** Task data follows **
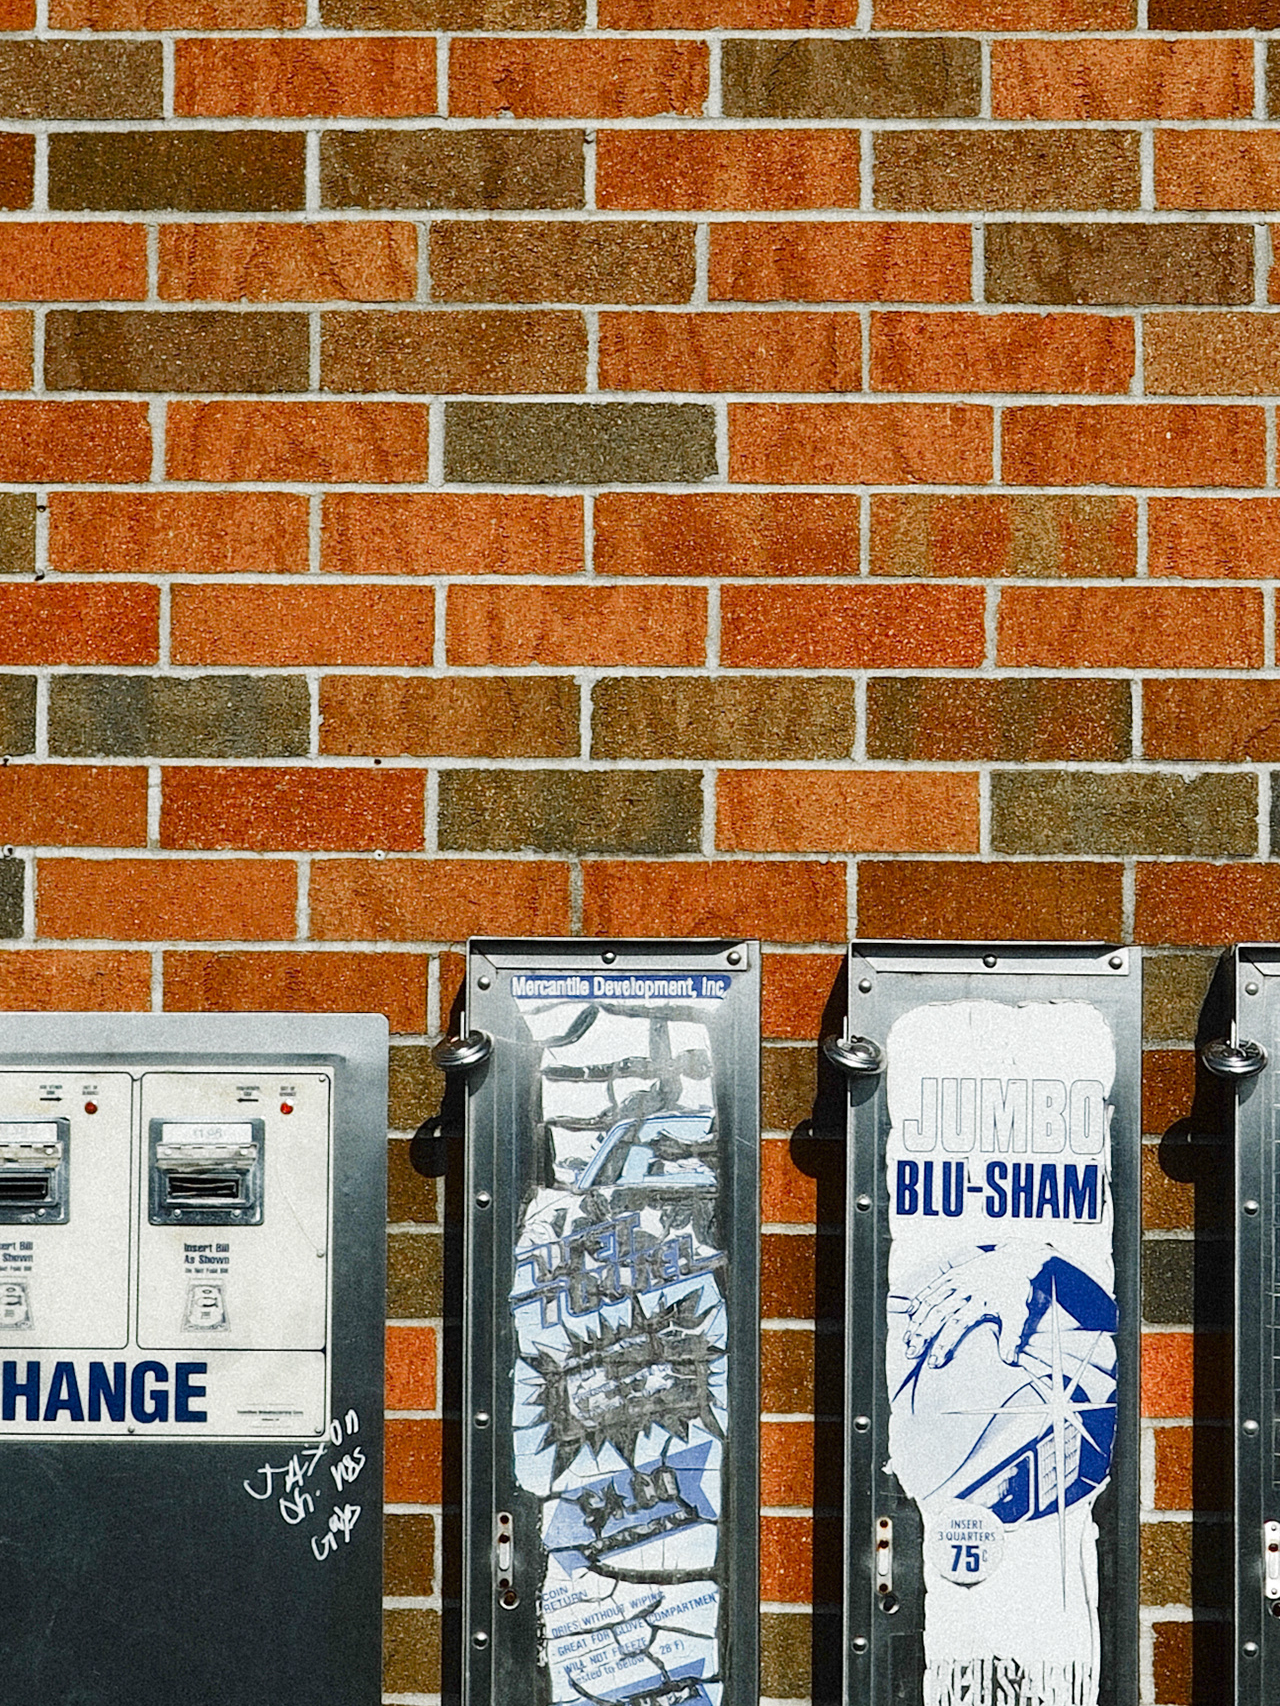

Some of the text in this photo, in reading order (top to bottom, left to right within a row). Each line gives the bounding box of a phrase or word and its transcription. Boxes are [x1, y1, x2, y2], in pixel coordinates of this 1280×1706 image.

[512, 976, 589, 996] Mercantile
[593, 976, 698, 999] Development,
[903, 1077, 1105, 1155] JUMBO
[896, 1159, 1099, 1220] BLU-SHAM
[19, 1241, 34, 1251] Bill
[183, 1243, 213, 1253] Insert
[2, 1253, 34, 1263] Shown
[183, 1254, 230, 1264] As Shown
[950, 1519, 983, 1530] INSERT
[945, 1531, 996, 1542] QUARTERS
[542, 1586, 569, 1602] COIN
[543, 1590, 589, 1614] RETURN
[582, 1603, 626, 1628] WITHOUT
[557, 1592, 718, 1657] GREAT FOR GLOVE COMPARTMEN
[589, 1652, 609, 1665] NOT
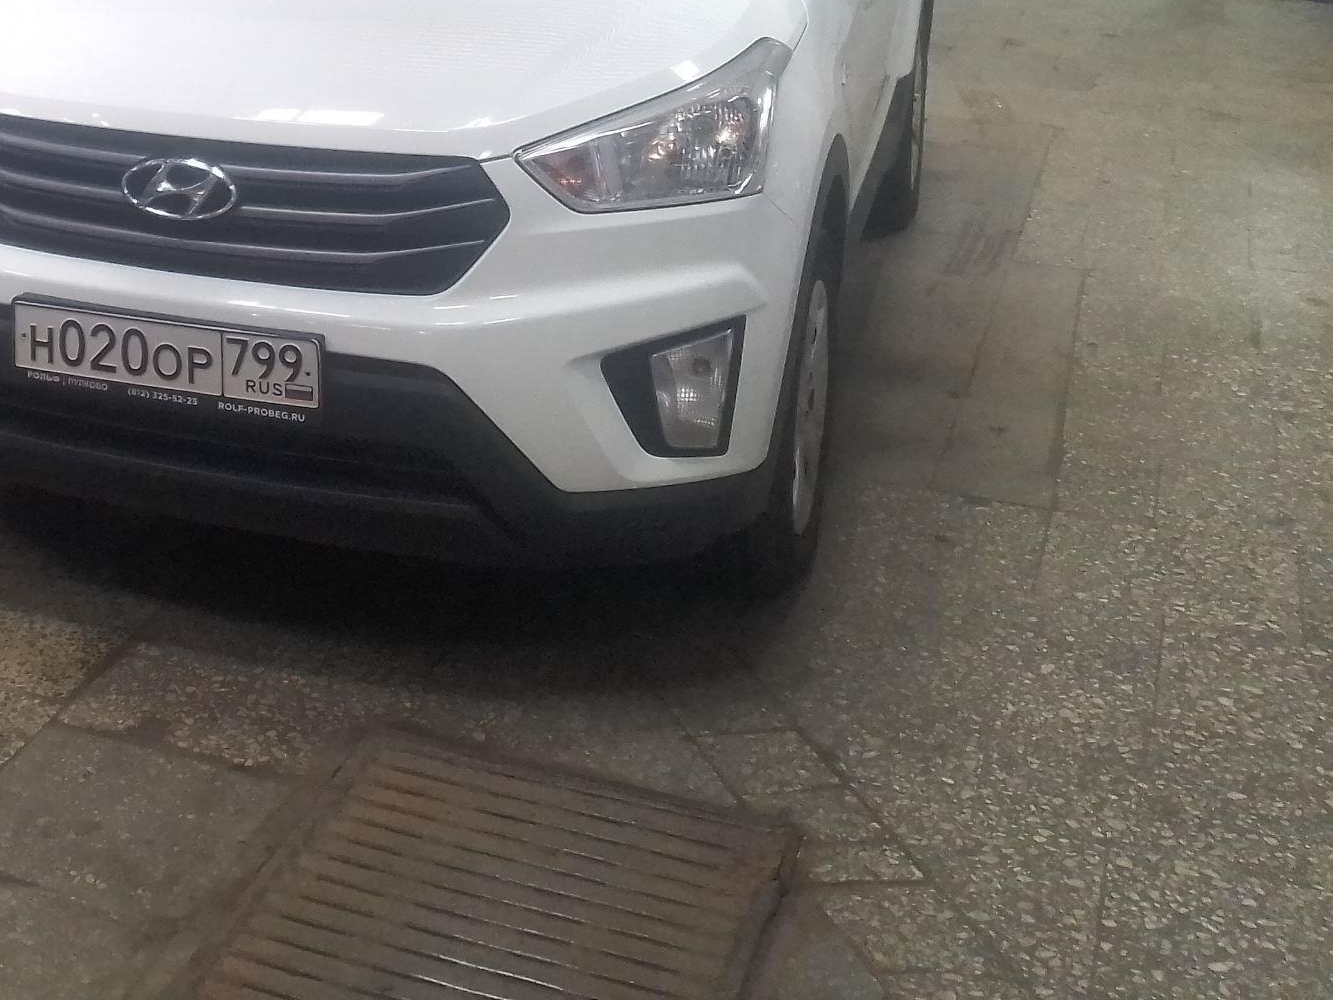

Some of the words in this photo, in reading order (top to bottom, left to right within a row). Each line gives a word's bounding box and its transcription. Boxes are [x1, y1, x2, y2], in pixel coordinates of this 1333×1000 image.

[225, 337, 304, 384] 799
[245, 379, 283, 397] RUS
[217, 401, 306, 423] ROLF-PROBEG.RU
** End of Task data **
Work request — Leaving out the pictures, output each line above exactly as it is.

Task answer —
Some of the text in this photo, in reading order (top to bottom, left to right within a row). Each line gives the bounding box of a phrase or word and its transcription. Boxes are [x1, y1, x2, y2], in pixel coordinates of this 1280×1706 image.

[512, 976, 589, 996] Mercantile
[593, 976, 698, 999] Development,
[903, 1077, 1105, 1155] JUMBO
[896, 1159, 1099, 1220] BLU-SHAM
[19, 1241, 34, 1251] Bill
[183, 1243, 213, 1253] Insert
[2, 1253, 34, 1263] Shown
[183, 1254, 230, 1264] As Shown
[950, 1519, 983, 1530] INSERT
[945, 1531, 996, 1542] QUARTERS
[542, 1586, 569, 1602] COIN
[543, 1590, 589, 1614] RETURN
[582, 1603, 626, 1628] WITHOUT
[557, 1592, 718, 1657] GREAT FOR GLOVE COMPARTMEN
[589, 1652, 609, 1665] NOT

Some of the words in this photo, in reading order (top to bottom, left to right within a row). Each line gives a word's bounding box and its transcription. Boxes are [x1, y1, x2, y2], in pixel coordinates of this 1333×1000 image.

[225, 337, 304, 384] 799
[245, 379, 283, 397] RUS
[217, 401, 306, 423] ROLF-PROBEG.RU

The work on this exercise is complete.